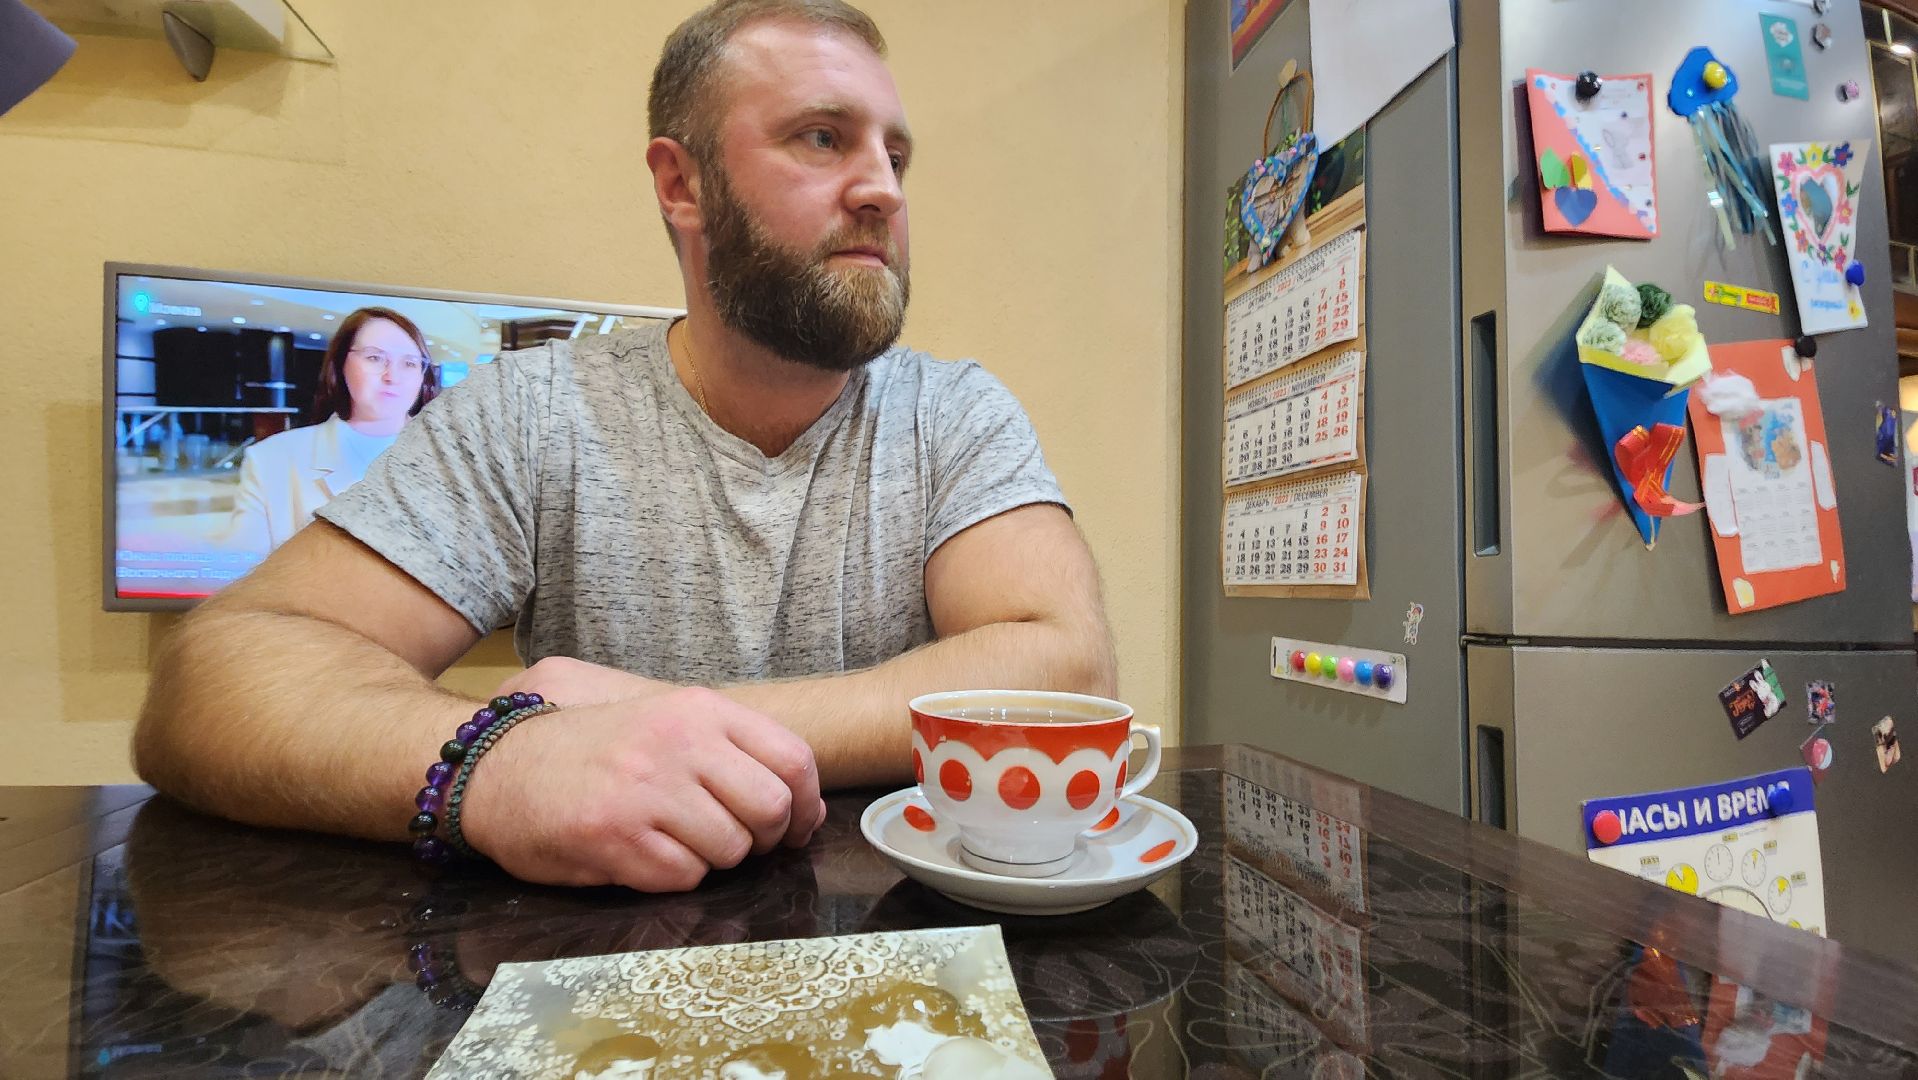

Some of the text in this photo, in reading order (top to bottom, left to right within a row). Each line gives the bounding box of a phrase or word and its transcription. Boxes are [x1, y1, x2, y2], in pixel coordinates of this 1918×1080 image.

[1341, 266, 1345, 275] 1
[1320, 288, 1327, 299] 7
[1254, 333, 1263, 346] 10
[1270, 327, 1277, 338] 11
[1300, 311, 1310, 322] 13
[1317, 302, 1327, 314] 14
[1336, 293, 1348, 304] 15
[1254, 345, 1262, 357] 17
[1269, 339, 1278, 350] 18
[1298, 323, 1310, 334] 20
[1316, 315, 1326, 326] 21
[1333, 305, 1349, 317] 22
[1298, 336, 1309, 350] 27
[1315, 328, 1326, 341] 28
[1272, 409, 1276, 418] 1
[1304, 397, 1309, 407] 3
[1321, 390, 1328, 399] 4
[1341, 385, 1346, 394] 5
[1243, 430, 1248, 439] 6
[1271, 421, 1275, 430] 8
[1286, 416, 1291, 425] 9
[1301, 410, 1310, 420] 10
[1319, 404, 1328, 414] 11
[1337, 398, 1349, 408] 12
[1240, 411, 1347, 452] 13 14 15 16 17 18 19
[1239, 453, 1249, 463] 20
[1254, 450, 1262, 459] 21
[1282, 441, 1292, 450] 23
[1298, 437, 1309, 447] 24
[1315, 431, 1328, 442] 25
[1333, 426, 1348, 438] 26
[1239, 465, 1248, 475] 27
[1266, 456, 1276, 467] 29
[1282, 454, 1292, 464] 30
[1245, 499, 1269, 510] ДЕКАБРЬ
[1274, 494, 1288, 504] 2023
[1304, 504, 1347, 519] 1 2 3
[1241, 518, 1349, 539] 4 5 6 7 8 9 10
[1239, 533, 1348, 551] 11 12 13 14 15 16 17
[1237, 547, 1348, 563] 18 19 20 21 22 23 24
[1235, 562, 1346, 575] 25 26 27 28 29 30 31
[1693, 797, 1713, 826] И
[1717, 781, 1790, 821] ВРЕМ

▸ Assignment: What you return must be the entries above, exactly as they appear, without any pictures.

▸ Exercise output:
Some of the text in this photo, in reading order (top to bottom, left to right within a row). Each line gives the bounding box of a phrase or word and its transcription. Boxes are [x1, y1, x2, y2], in pixel coordinates of this 1918×1080 image.

[1341, 266, 1345, 275] 1
[1320, 288, 1327, 299] 7
[1254, 333, 1263, 346] 10
[1270, 327, 1277, 338] 11
[1300, 311, 1310, 322] 13
[1317, 302, 1327, 314] 14
[1336, 293, 1348, 304] 15
[1254, 345, 1262, 357] 17
[1269, 339, 1278, 350] 18
[1298, 323, 1310, 334] 20
[1316, 315, 1326, 326] 21
[1333, 305, 1349, 317] 22
[1298, 336, 1309, 350] 27
[1315, 328, 1326, 341] 28
[1272, 409, 1276, 418] 1
[1304, 397, 1309, 407] 3
[1321, 390, 1328, 399] 4
[1341, 385, 1346, 394] 5
[1243, 430, 1248, 439] 6
[1271, 421, 1275, 430] 8
[1286, 416, 1291, 425] 9
[1301, 410, 1310, 420] 10
[1319, 404, 1328, 414] 11
[1337, 398, 1349, 408] 12
[1240, 411, 1347, 452] 13 14 15 16 17 18 19
[1239, 453, 1249, 463] 20
[1254, 450, 1262, 459] 21
[1282, 441, 1292, 450] 23
[1298, 437, 1309, 447] 24
[1315, 431, 1328, 442] 25
[1333, 426, 1348, 438] 26
[1239, 465, 1248, 475] 27
[1266, 456, 1276, 467] 29
[1282, 454, 1292, 464] 30
[1245, 499, 1269, 510] ДЕКАБРЬ
[1274, 494, 1288, 504] 2023
[1304, 504, 1347, 519] 1 2 3
[1241, 518, 1349, 539] 4 5 6 7 8 9 10
[1239, 533, 1348, 551] 11 12 13 14 15 16 17
[1237, 547, 1348, 563] 18 19 20 21 22 23 24
[1235, 562, 1346, 575] 25 26 27 28 29 30 31
[1693, 797, 1713, 826] И
[1717, 781, 1790, 821] ВРЕМ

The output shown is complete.